When Not to Negotiate

As recently as a few weeks ago this blog noted the distinction between public and private negotiation.  Nevertheless, the current debate concerning raising the public debt “ceiling” seems to present a stark lesson on when to negotiate and when not to.

Readers will recall that the federal government can neither spend nor borrow money without congressional authorization.  Congress has authorized expenditures in excess of revenues, but there is a (putatively) serious debate about whether to authorize further borrowings to pay for those authorized expenditures.  Failure to do so would constitute a default on the nation’s debt — an eventuality that is broadly viewed as imprudent.

This situation might serve as the basis for a hypothetical in negotiation class, and feedback would be welcome on whether the following analysis is the correct one:

1.  A guy comes up to you, draws a gun, holds it to your temple, and tells you to sign this or he’ll blow your head off.  RESULT:  Negotiate

2.  A guy comes up to you, draws a gun, holds it to his own temple, and tells you to sign this or he’ll blow his own head off.  RESULT:  Don’t negotiate.

3.  A guy comes up to you, holds up a sinister-looking box, and tells you to sign this or he’ll kill you, and himself, and his kids, and your kids, and the market value of his house, and the exchange rate of the dollar, and the global financial system, and interest rates, and economic recovery.  RESULT: ???

Well, you call his bluff, don’t you?

 

2 Comments
  1. Thanks, Peter. If I, as a student in a negotiation class, were presented with your three hypotheticals, and if I was more interested in trying to be correct than in getting a good grade, then I would respond as follows:

    “1. A guy comes up to you, draws a gun, holds it to your temple, and tells you to sign this or he’ll blow your head off. RESULT:” You don’t negotiate – you sign the paper. He is negotiating, but you don’t have that option. Threats of violence may be unlawful, but they are in virtually all cases a form of negotiation and are – so long as they are credible – often a very effective one.

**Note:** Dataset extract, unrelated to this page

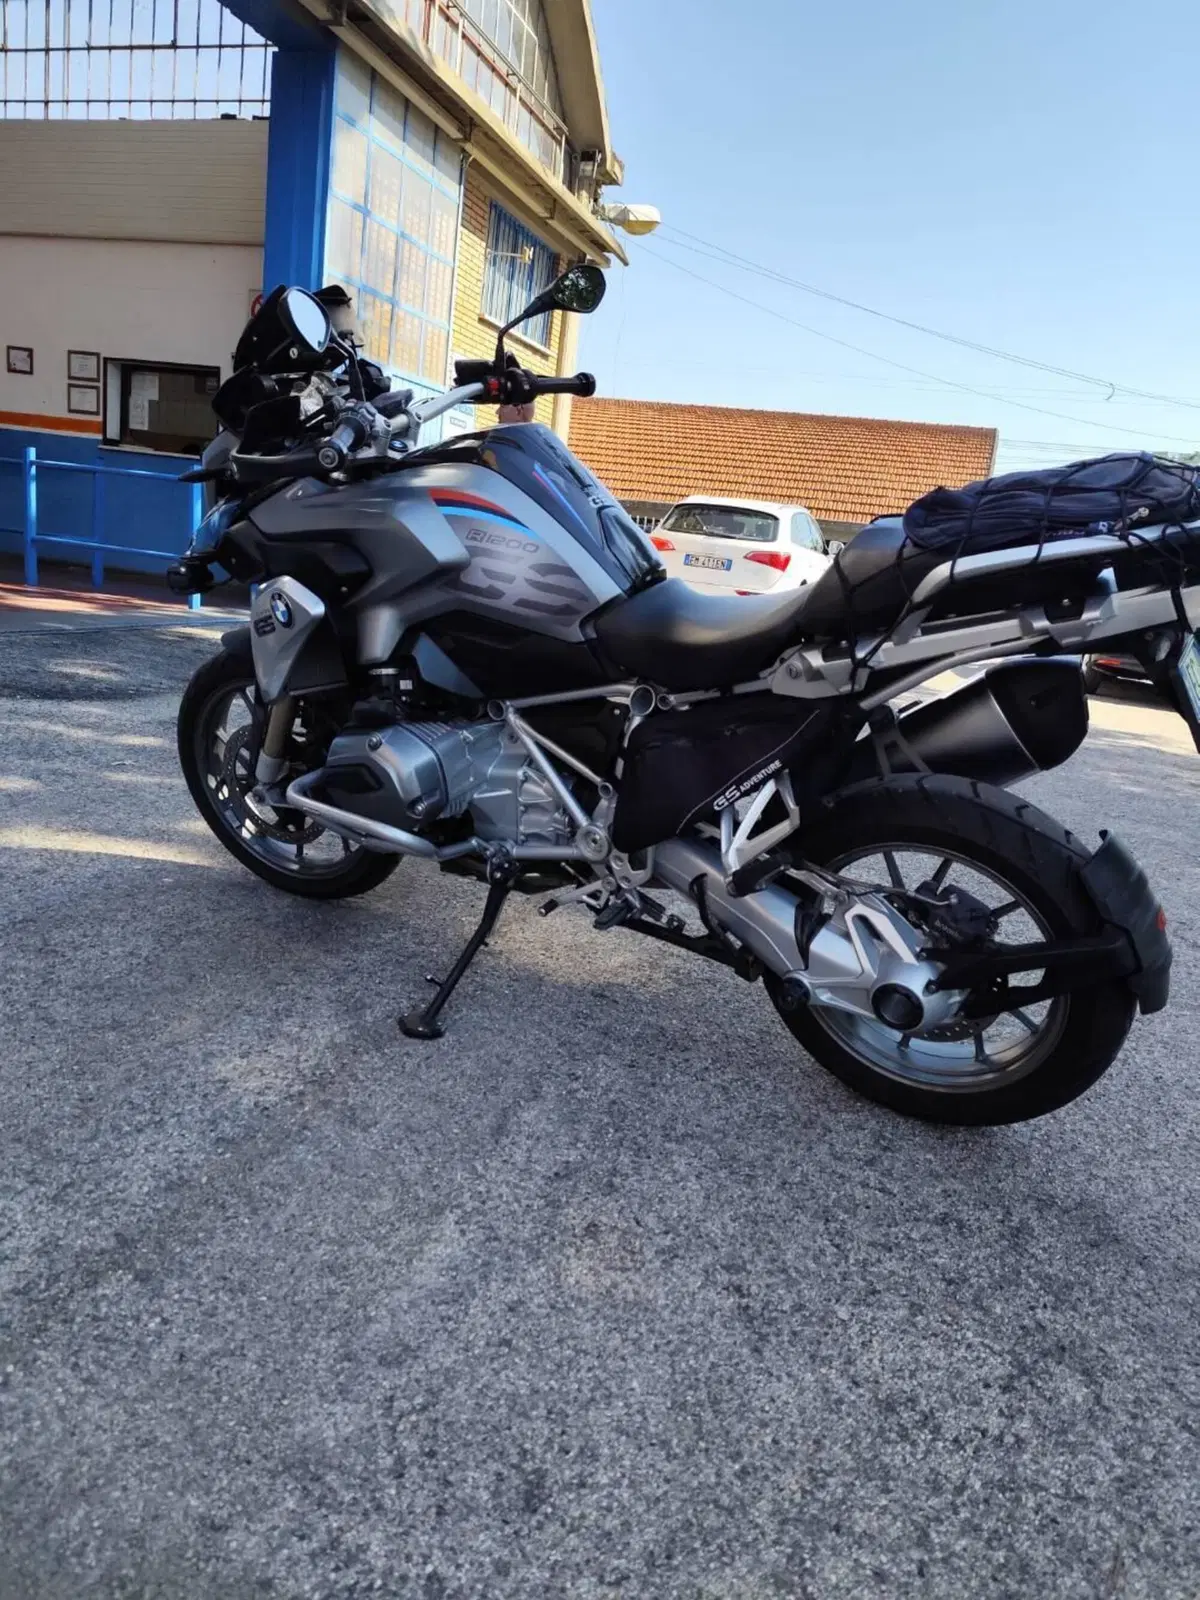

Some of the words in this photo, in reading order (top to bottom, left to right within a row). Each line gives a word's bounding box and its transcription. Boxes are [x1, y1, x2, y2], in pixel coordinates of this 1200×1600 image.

[466, 528, 540, 554] R1200
[713, 785, 741, 811] GS
[740, 759, 782, 792] ADVENTURE

    “2. A guy comes up to you, draws a gun, holds it to his own temple, and tells you to sign this or he’ll blow his own head off. RESULT:” If you viewed the threat as credible (which might depend on factors such as whether he was wearing clothes), it would depend on whether the costs that you would incur if you signed were greater than the costs of trying to clean up the mess that would ensue if you did not. In addition, and unlike in the first hypothetical, audience issues come into play – you’d have to consider whether third parties might inflict costs on you if they had to deal with what you’d done.

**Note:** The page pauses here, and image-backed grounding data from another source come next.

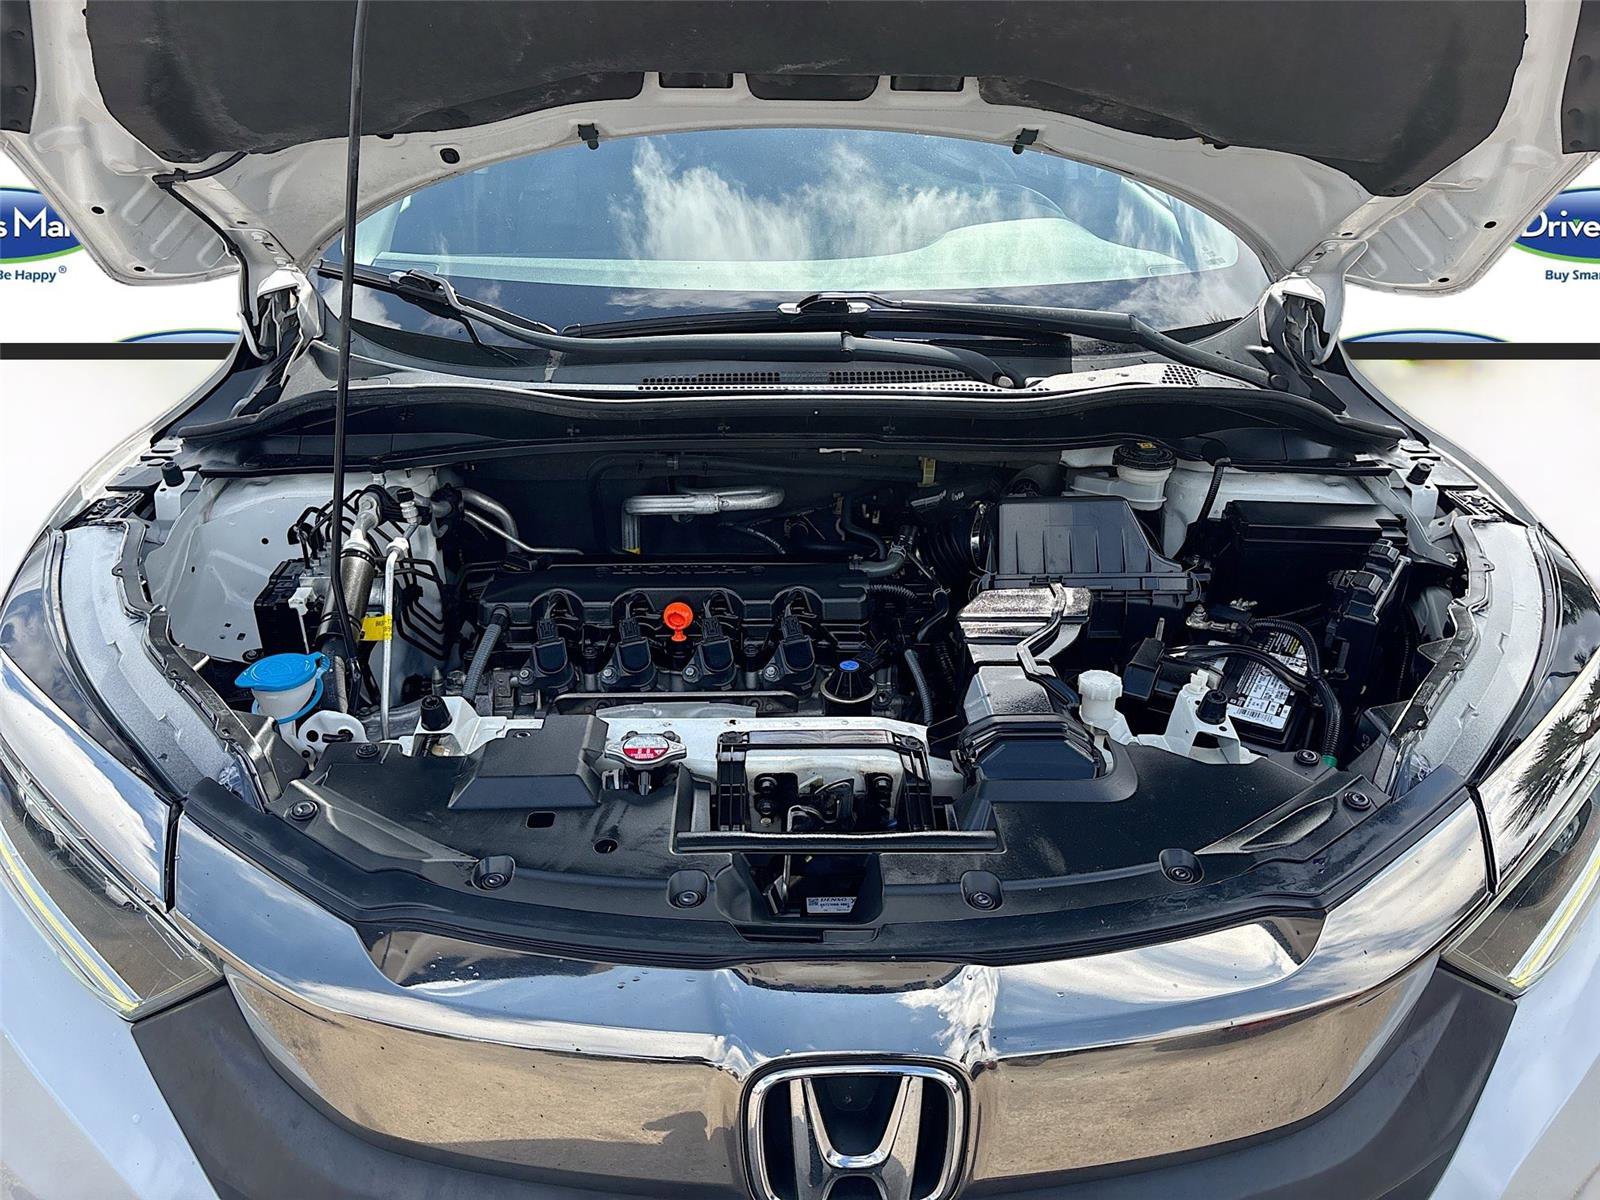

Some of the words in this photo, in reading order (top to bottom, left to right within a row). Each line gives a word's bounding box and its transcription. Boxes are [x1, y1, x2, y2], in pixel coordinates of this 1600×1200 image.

[15, 270, 57, 283] Happy
[1545, 269, 1570, 283] Buy
[1572, 269, 1600, 280] Sma
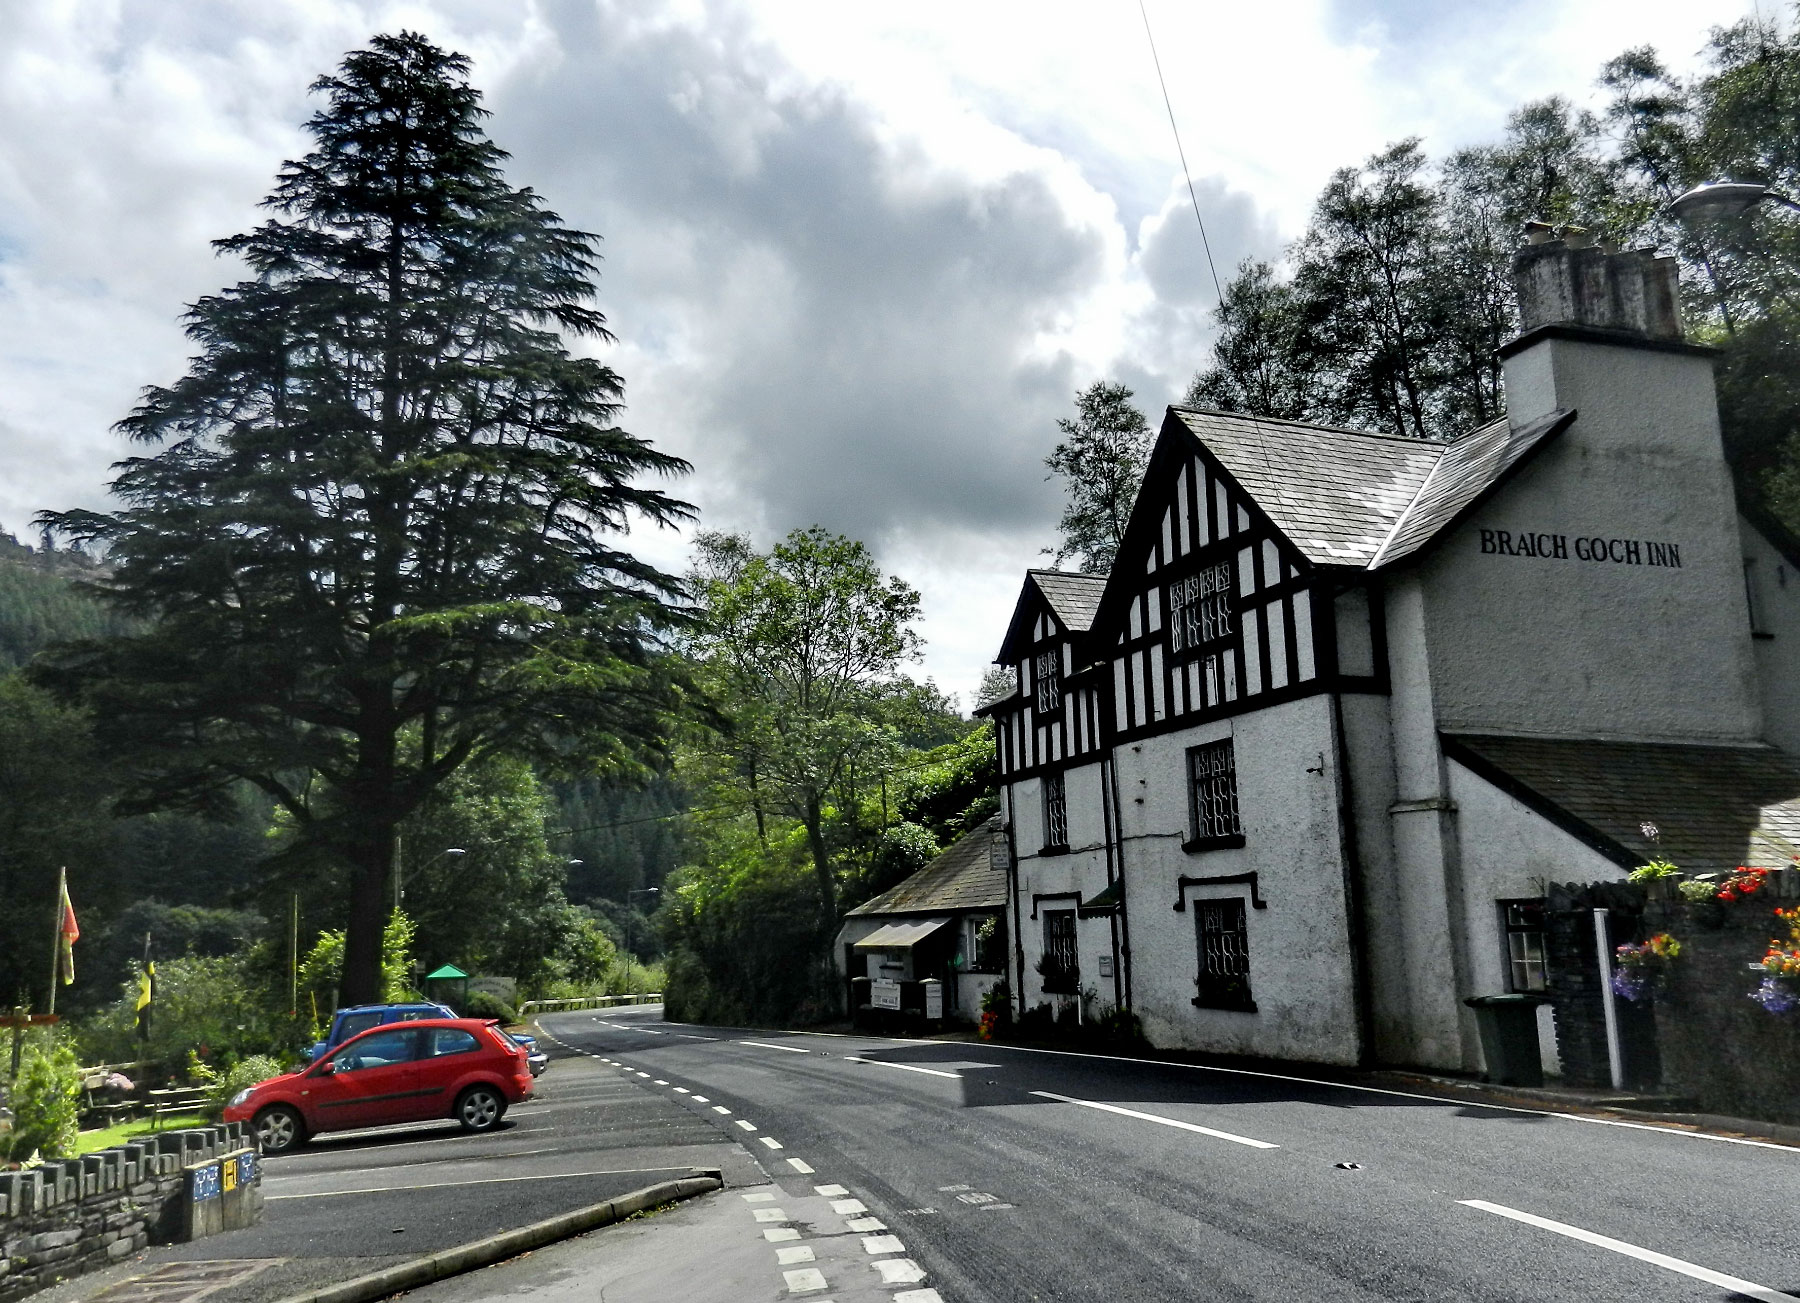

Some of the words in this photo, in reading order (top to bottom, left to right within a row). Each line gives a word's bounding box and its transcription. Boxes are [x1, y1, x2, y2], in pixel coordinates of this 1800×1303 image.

[1480, 529, 1568, 559] BRAICH
[1575, 537, 1642, 565] GOCH
[1645, 542, 1682, 568] INN

    “3. A guy comes up to you, holds up a sinister-looking box, and tells you to sign this or he’ll kill you, and himself, and his kids, and your kids, and the market value of his house, and the exchange rate of the dollar, and the global financial system, and interest rates, and economic recovery. RESULT:” Exactly the same answer as number 2 above, except that, here, the threat would be more credible if he was speaking calmly and wearing a suit and tie, rather than standing before you wild-eyed and naked.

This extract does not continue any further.